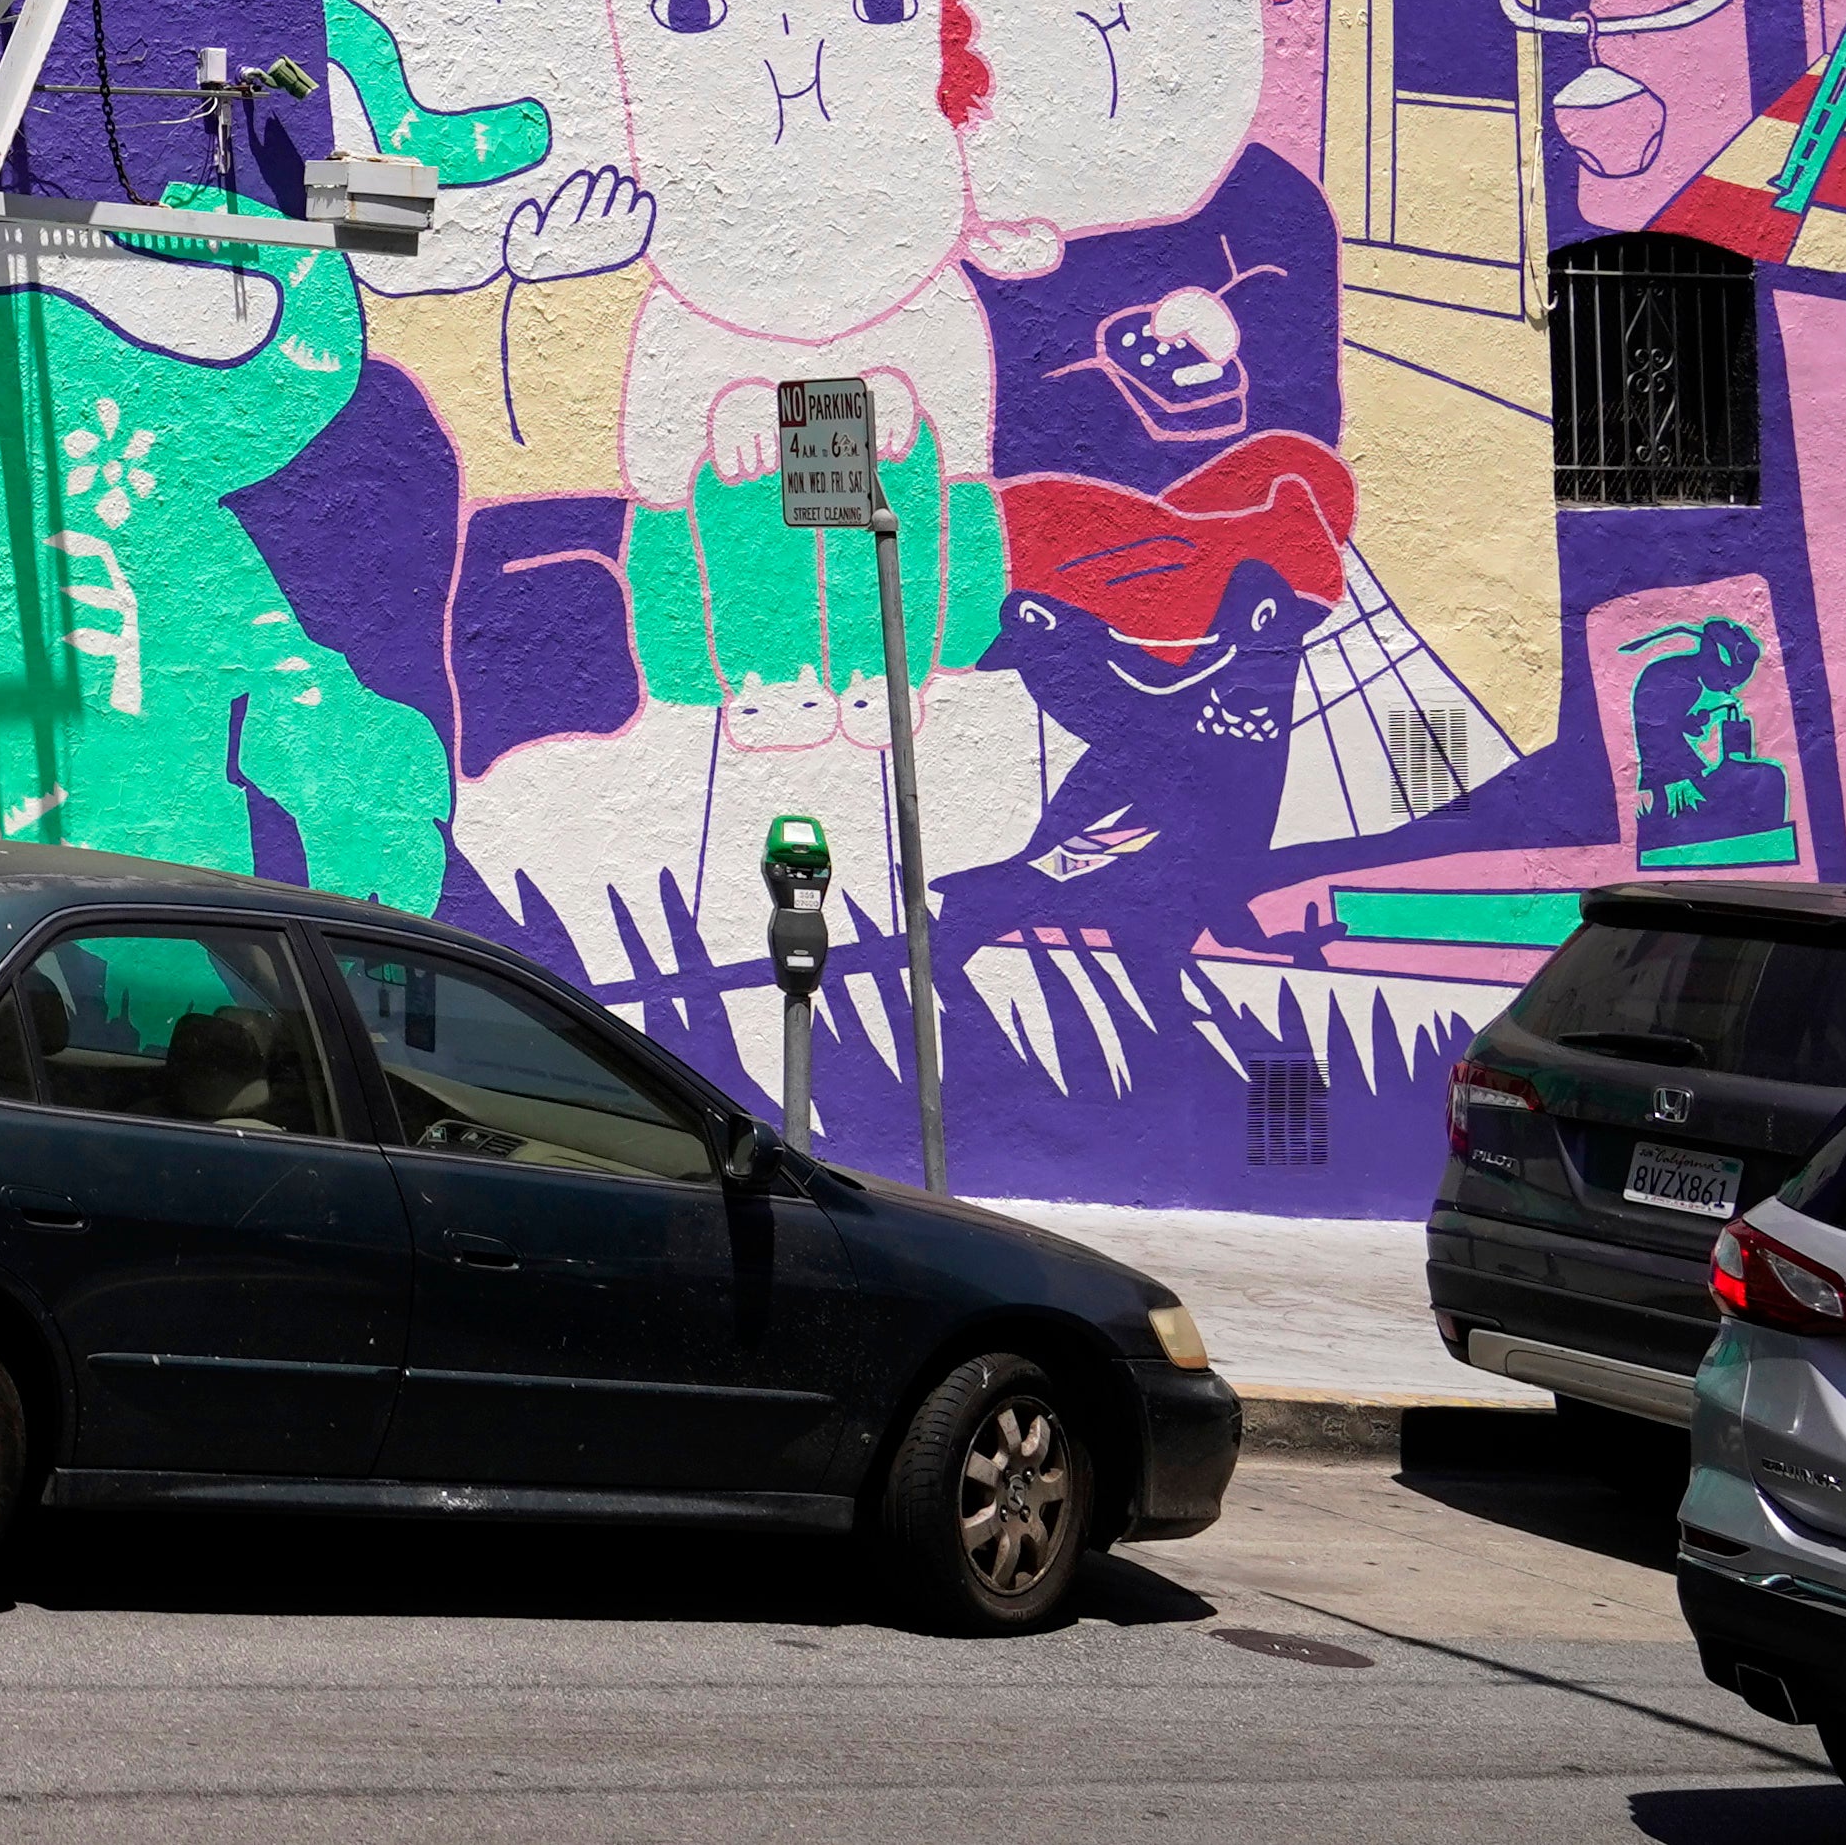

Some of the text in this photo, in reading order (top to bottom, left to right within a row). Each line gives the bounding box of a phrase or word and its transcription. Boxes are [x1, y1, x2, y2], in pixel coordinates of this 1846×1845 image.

[781, 387, 862, 421] NO PARKING
[790, 433, 799, 458] 4
[793, 507, 862, 521] STREET CLEANING
[1472, 1149, 1517, 1167] PILOT
[1655, 1149, 1720, 1172] California
[1633, 1166, 1727, 1208] 8VZX861
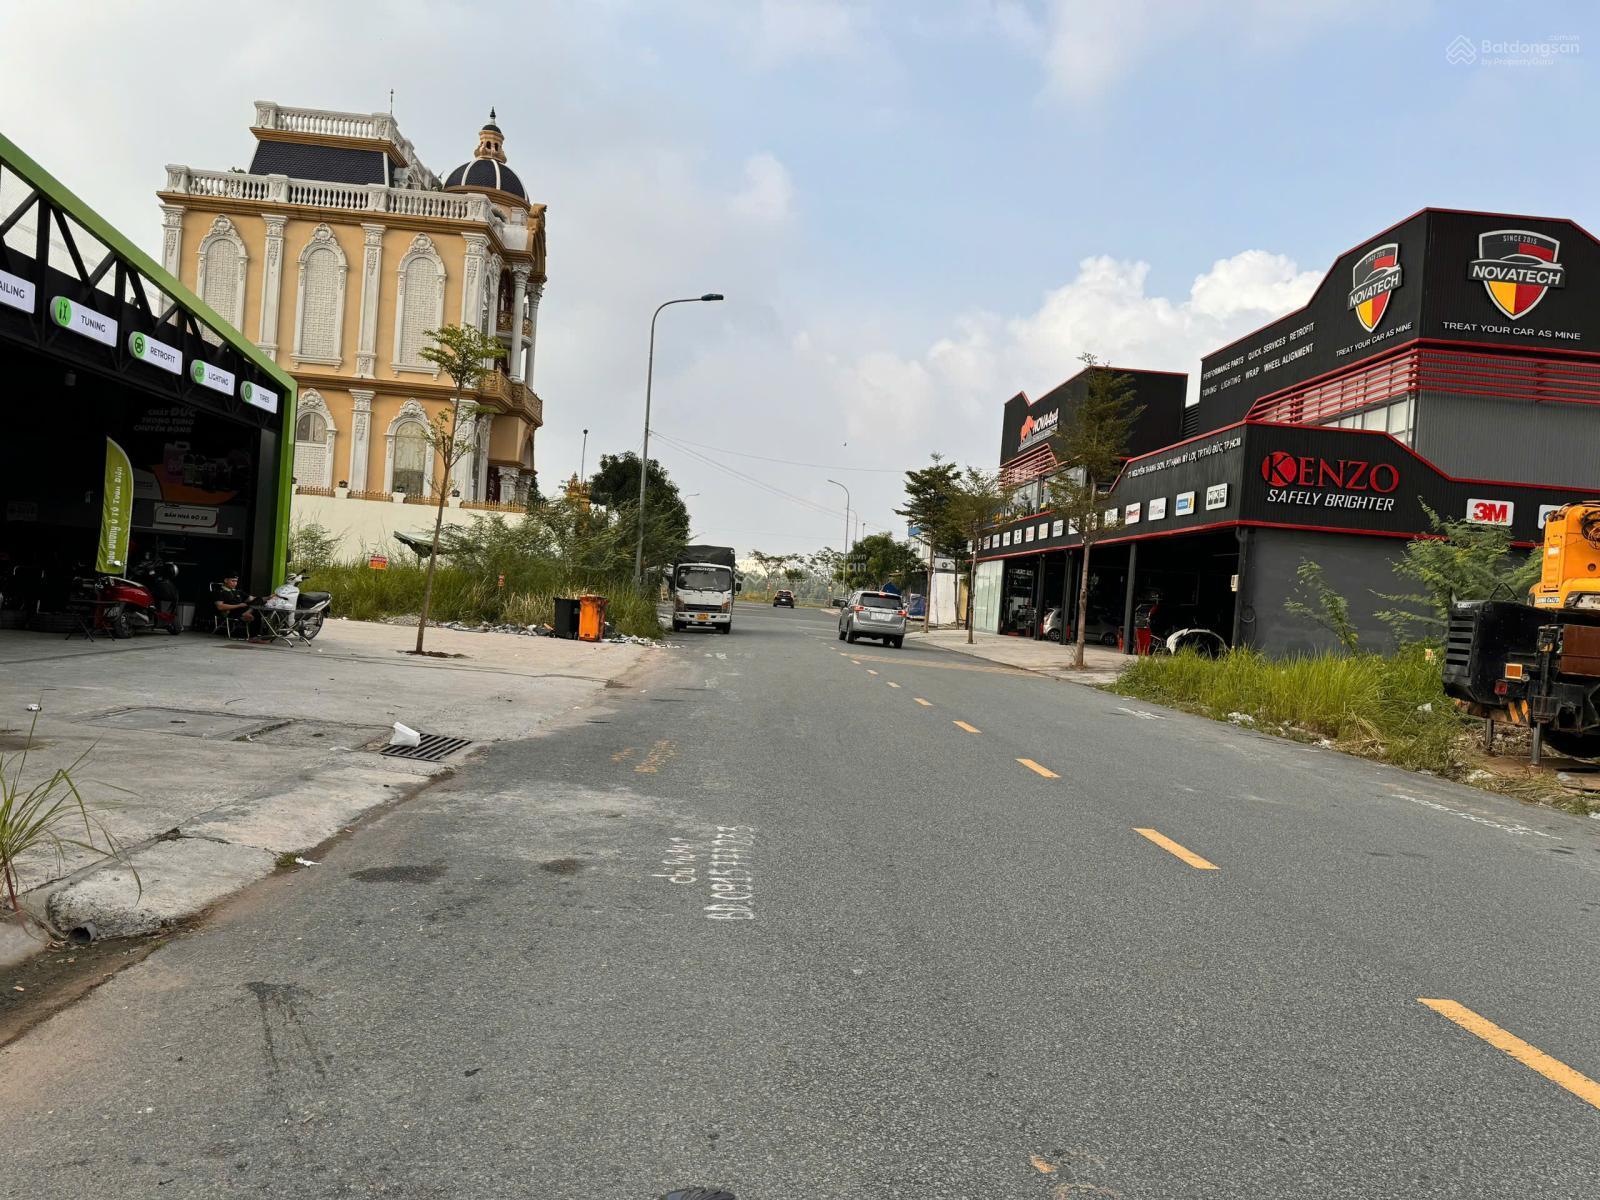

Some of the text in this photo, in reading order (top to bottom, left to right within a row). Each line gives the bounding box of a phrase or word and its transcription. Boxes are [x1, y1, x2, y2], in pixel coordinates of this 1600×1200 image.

[1503, 235, 1522, 243] SINCE
[1472, 265, 1561, 285] NOVATECH
[1349, 272, 1399, 307] NOVATECH
[80, 314, 106, 333] TUNING
[1442, 321, 1581, 340] TREAT YOUR CAR AS MINE
[1336, 321, 1412, 357] TREAT YOUR CAR AS MINE
[150, 346, 176, 364] RETROFIT
[1203, 322, 1315, 380] PERFORMANCE PARTS QUICK SERVICES RETROFIT
[1220, 374, 1241, 390] LIGHTING
[1245, 366, 1260, 379] WRAP
[1263, 358, 1281, 372] WHEEL
[1281, 343, 1314, 365] ALIGNMENT
[208, 369, 229, 386] LIGHTING
[1261, 451, 1400, 493] KENZO
[1267, 489, 1395, 511] SAFELY BRIGHTER
[1473, 502, 1508, 523] 3M
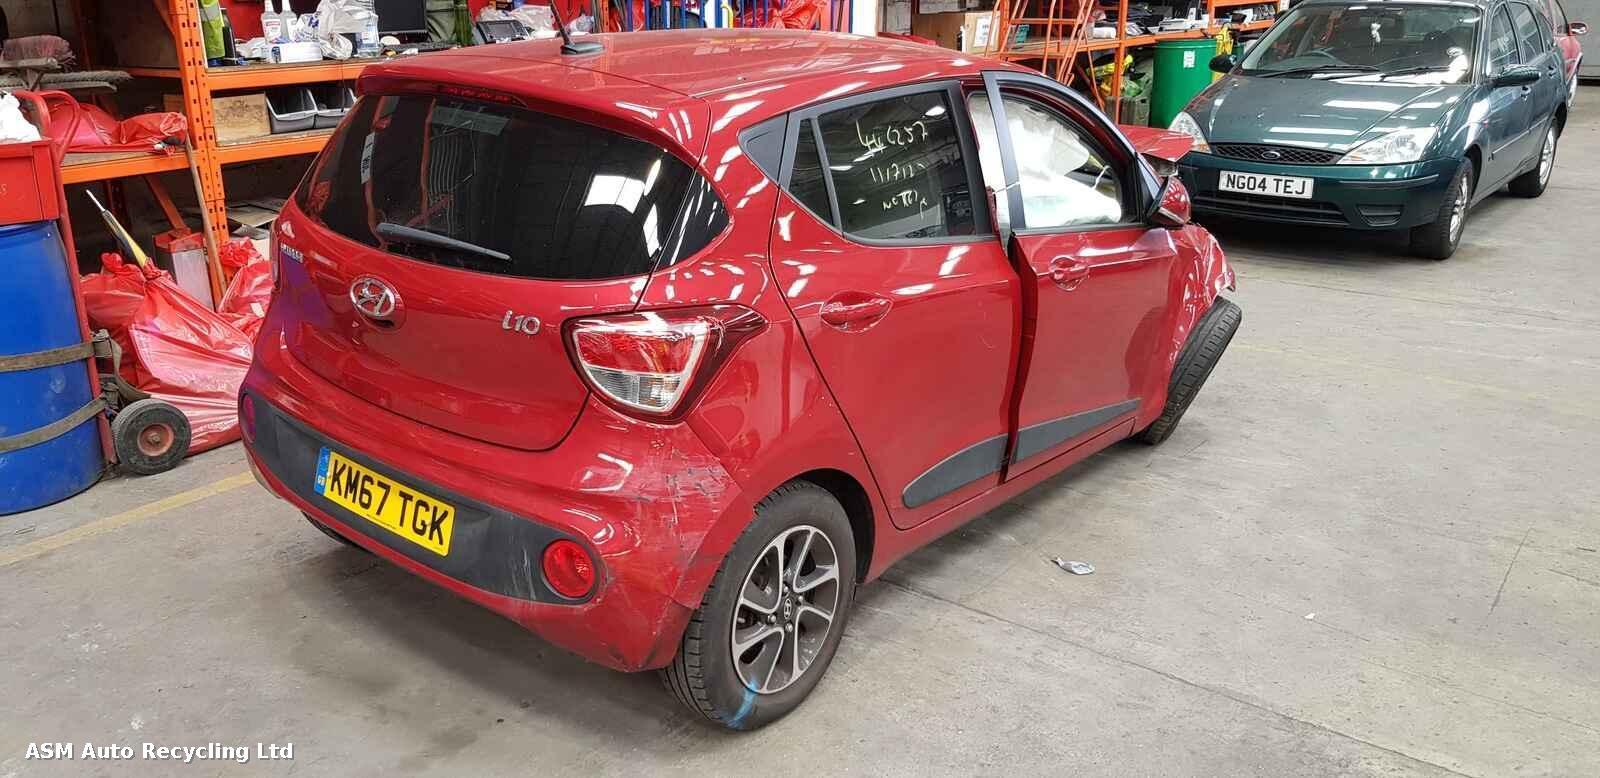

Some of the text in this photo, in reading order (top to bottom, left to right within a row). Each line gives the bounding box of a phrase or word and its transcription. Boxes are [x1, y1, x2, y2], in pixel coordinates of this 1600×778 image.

[1226, 173, 1306, 195] NG04 TEJ
[502, 310, 541, 335] i10
[330, 459, 449, 546] KM67 TGK

§ PROBLEM DETAILS
Starting from the line holding "this 1600×778 image.", restate the remaining lines of the data word for word, including the last.

§ EXERCISE RESPONSE
Some of the text in this photo, in reading order (top to bottom, left to right within a row). Each line gives the bounding box of a phrase or word and its transcription. Boxes are [x1, y1, x2, y2], in pixel coordinates of this 1600×778 image.

[1226, 173, 1306, 195] NG04 TEJ
[502, 310, 541, 335] i10
[330, 459, 449, 546] KM67 TGK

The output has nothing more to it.